#### Required work:
Go through the listing that follows and write it out exactly. Drop the pictures.

· · · · ·

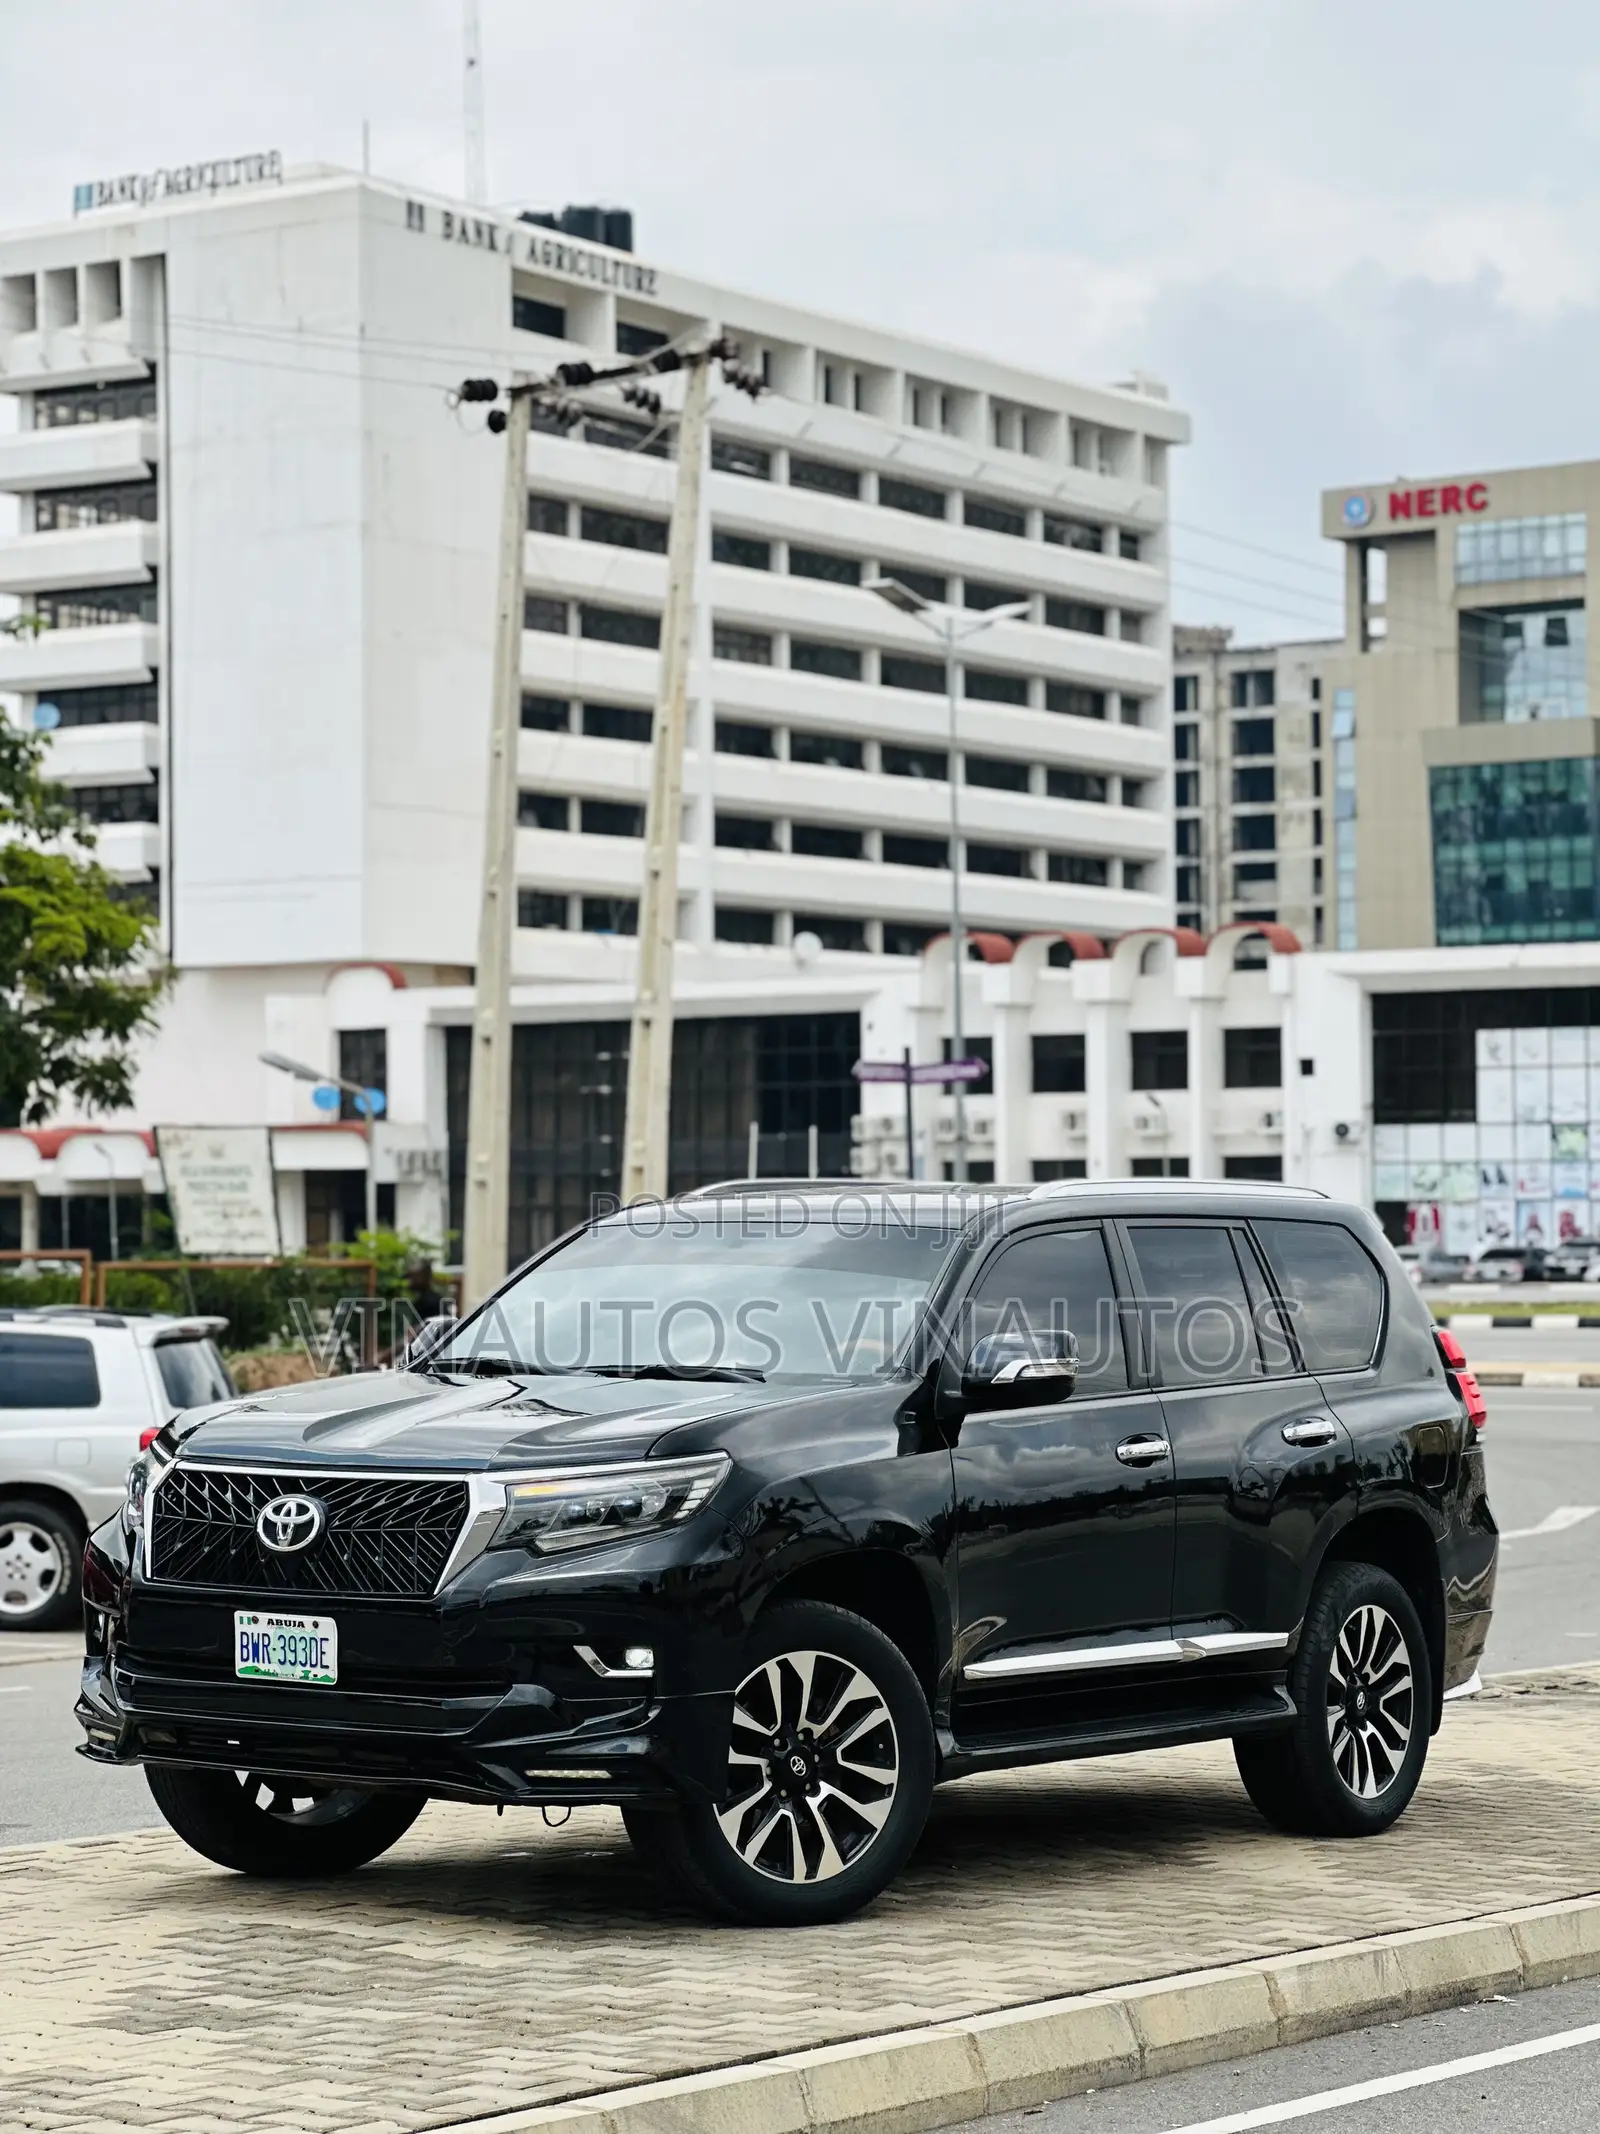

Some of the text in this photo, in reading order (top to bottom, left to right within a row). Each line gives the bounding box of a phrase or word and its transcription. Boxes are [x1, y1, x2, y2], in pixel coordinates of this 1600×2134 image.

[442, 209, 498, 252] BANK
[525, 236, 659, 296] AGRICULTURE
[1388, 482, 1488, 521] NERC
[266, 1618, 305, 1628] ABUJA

· · · · ·

#### Output below:
Some of the text in this photo, in reading order (top to bottom, left to right within a row). Each line gives the bounding box of a phrase or word and its transcription. Boxes are [x1, y1, x2, y2], in pixel coordinates of this 1600×2134 image.

[442, 209, 498, 252] BANK
[525, 236, 659, 296] AGRICULTURE
[1388, 482, 1488, 521] NERC
[266, 1618, 305, 1628] ABUJA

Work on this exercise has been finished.